Ultragenyx to Present Setrusumab (UX143) at ASBMR 2024

Ultragenyx Pharmaceutical Inc. (NASDAQ: RARE), based in Novato, California, announced that it will present seven abstracts on its late-stage program evaluating setrusumab (UX143) and the treatment of osteogenesis imperfecta (OI) at the American Society for Bone and Mineral Research (ASBMR) 2024 Annual Meeting. This event will occur from September 27-30, 2024, in Toronto, Canada.

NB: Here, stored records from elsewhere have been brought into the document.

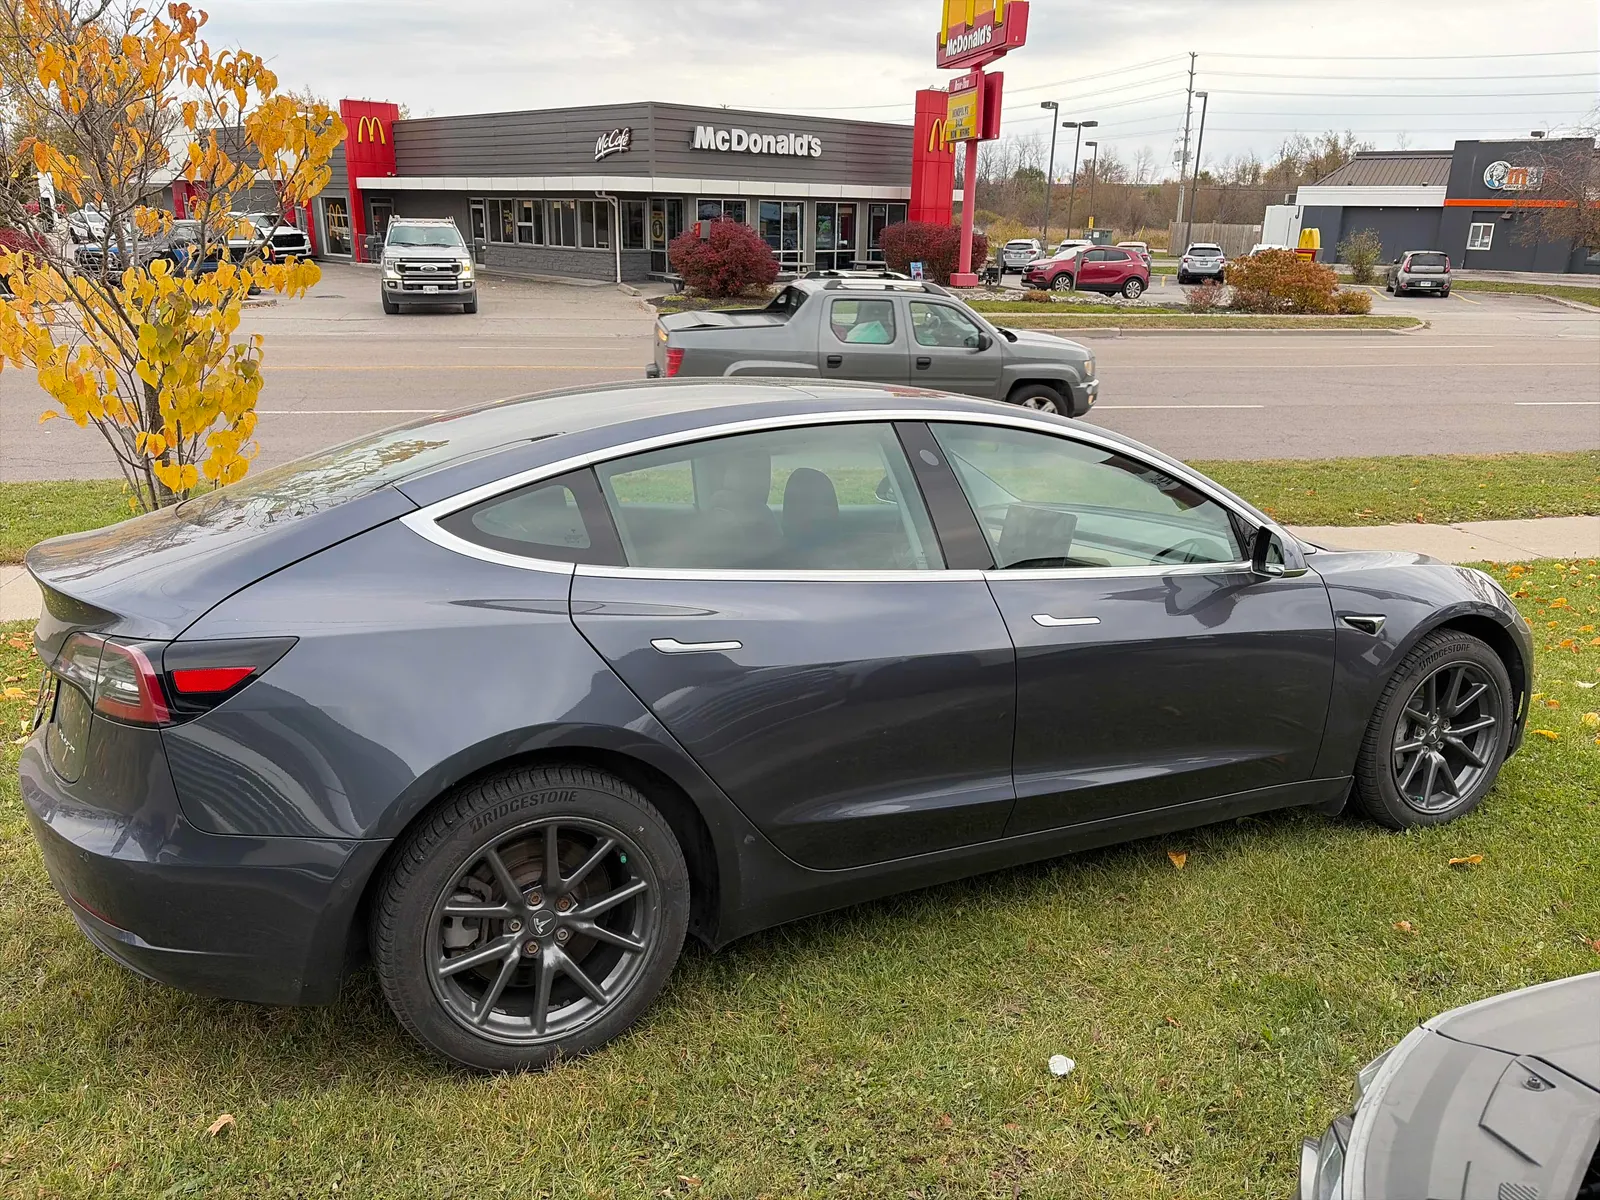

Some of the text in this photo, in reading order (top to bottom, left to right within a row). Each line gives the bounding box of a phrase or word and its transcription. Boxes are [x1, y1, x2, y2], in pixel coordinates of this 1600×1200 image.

[946, 24, 993, 57] McDonald's
[594, 127, 630, 159] McCafé
[693, 126, 822, 158] McDonald's
[1419, 643, 1471, 671] BRIDGESTONE
[469, 790, 579, 834] BRIDGESTONE

Eric Crombez, M.D., the Chief Medical Officer at Ultragenyx, emphasized the importance of this year's presentations, noting that they will add to the understanding of the real-world impact and burden of OI. Additionally, the phase 2 Orbit study results, initially announced in June, will be presented. These results demonstrate a substantial increase in bone mineral density and a corresponding decrease in the annualized fracture rate through month 14 of treatment with setrusumab.

The setrusumab presentations are as follows:

1. **Integrated Bone Biomarker Analyses**: This presentation will cover the mechanism of action of setrusumab in pediatric and young adult subjects with OI, and how these findings inform dose selection in the Orbit Study. This plenary poster (#Fri-423) will be displayed during the Welcome Reception and Plenary Poster Session on Friday, September 27 from 5:30 p.m. to 7:30 p.m. ET. Additionally, it will be featured in the Clinical Career Spotlight Rapid Fire session and Poster Session I on Sunday, September 29.

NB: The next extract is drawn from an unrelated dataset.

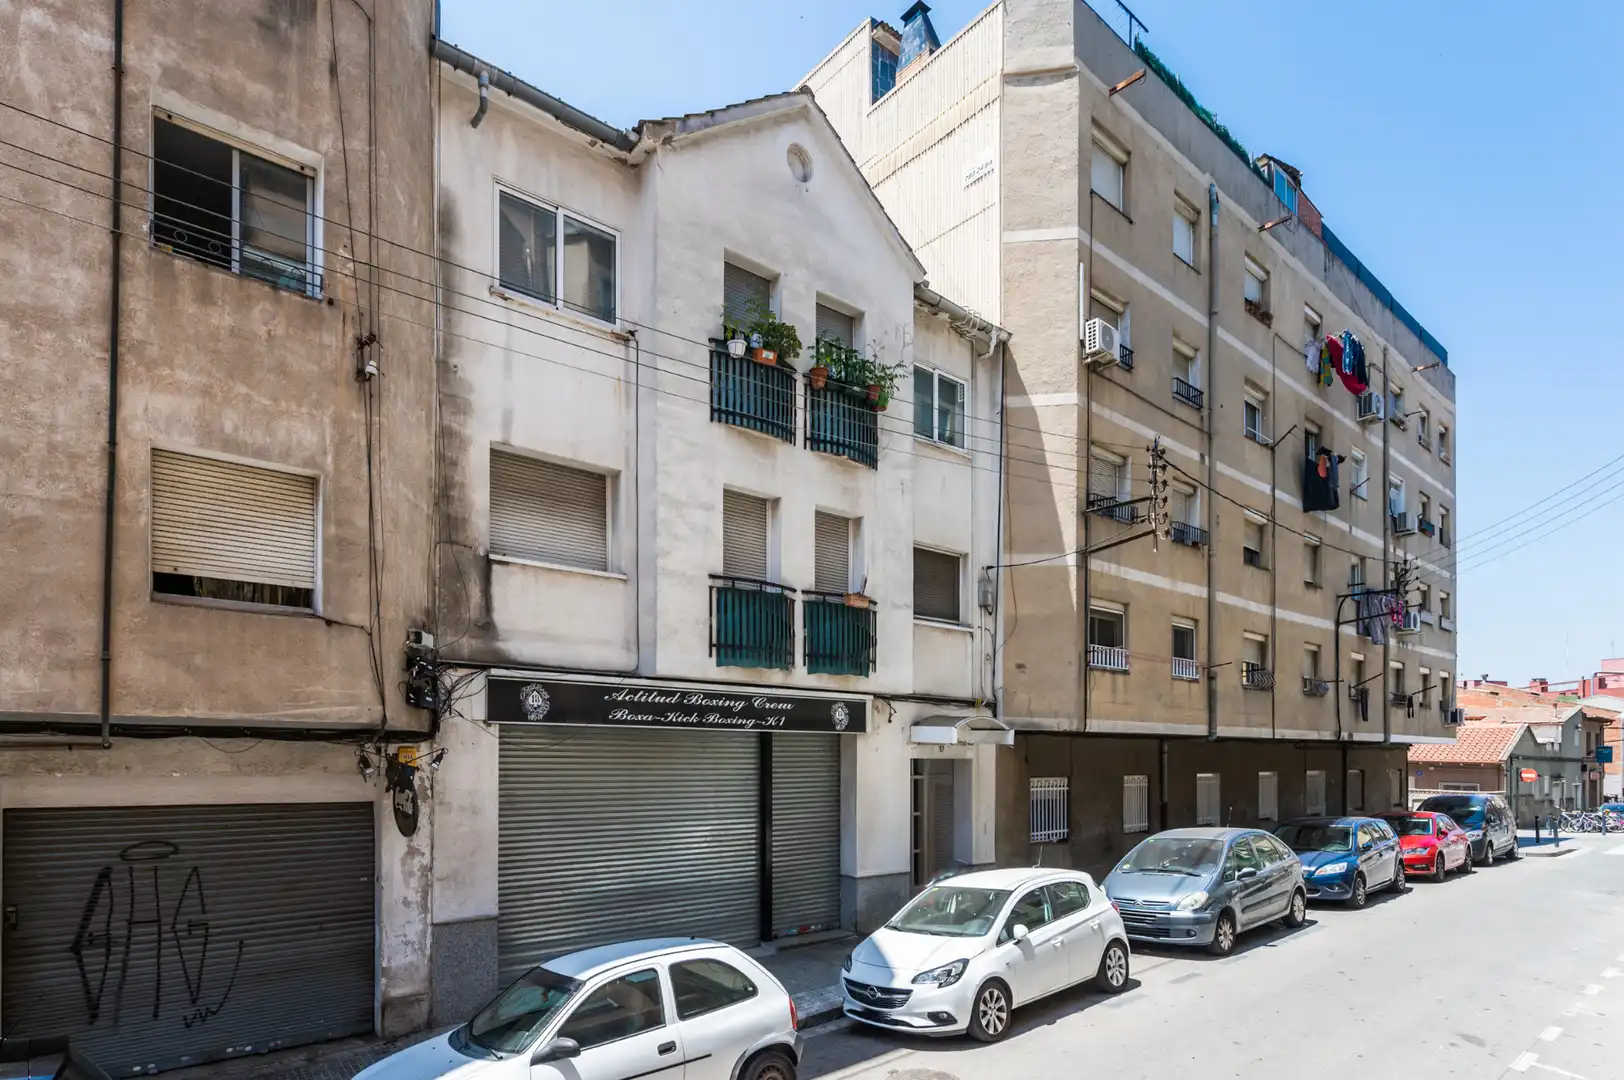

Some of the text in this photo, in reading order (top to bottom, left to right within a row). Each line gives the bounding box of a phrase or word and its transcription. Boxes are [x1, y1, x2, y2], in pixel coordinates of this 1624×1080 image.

[604, 688, 795, 712] Actitud Boxing Crew
[608, 708, 786, 729] Boxa-Kick Boxing-K1

2. **Burden of Illness of Osteogenesis Imperfecta in Ontario, Canada**: This late-breaking poster (#Sat-LB 592) will discuss the burden of OI in Ontario and will be presented on Saturday, September 28 from 2:15 p.m. to 3:45 p.m. ET.

3. **Manifestations and Comorbid Conditions Among Patients with OI**: This poster (#Sat-447) will present a retrospective claims database analysis from the US on Saturday, September 28 from 2:15 p.m. to 3:45 p.m. ET.

4. **Fracture Rates for Patients with Osteogenesis Imperfecta**: This poster (#Sat-446) will present real-world data from US retrospective claims on fracture rates and will be displayed on Saturday, September 28 from 2:15 p.m. to 3:45 p.m. ET.

5. **Population Pharmacokinetics and PK/Pharmacodynamics Analyses**: This oral presentation (#1063) will discuss dose selection for the Phase 3 study of setrusumab in pediatric patients with OI, based on Phase 2 results from the Orbit Study. It will be presented on Sunday, September 29 from 11:45 a.m. to 12:00 p.m. ET.

6. **Healthcare Resource Use and Costs for Patients with OI**: This poster (#Sun-446) will present findings from US retrospective claims on healthcare resource utilization and associated costs. It will be featured on Sunday, September 29 from 2:15 p.m. to 3:45 p.m. ET.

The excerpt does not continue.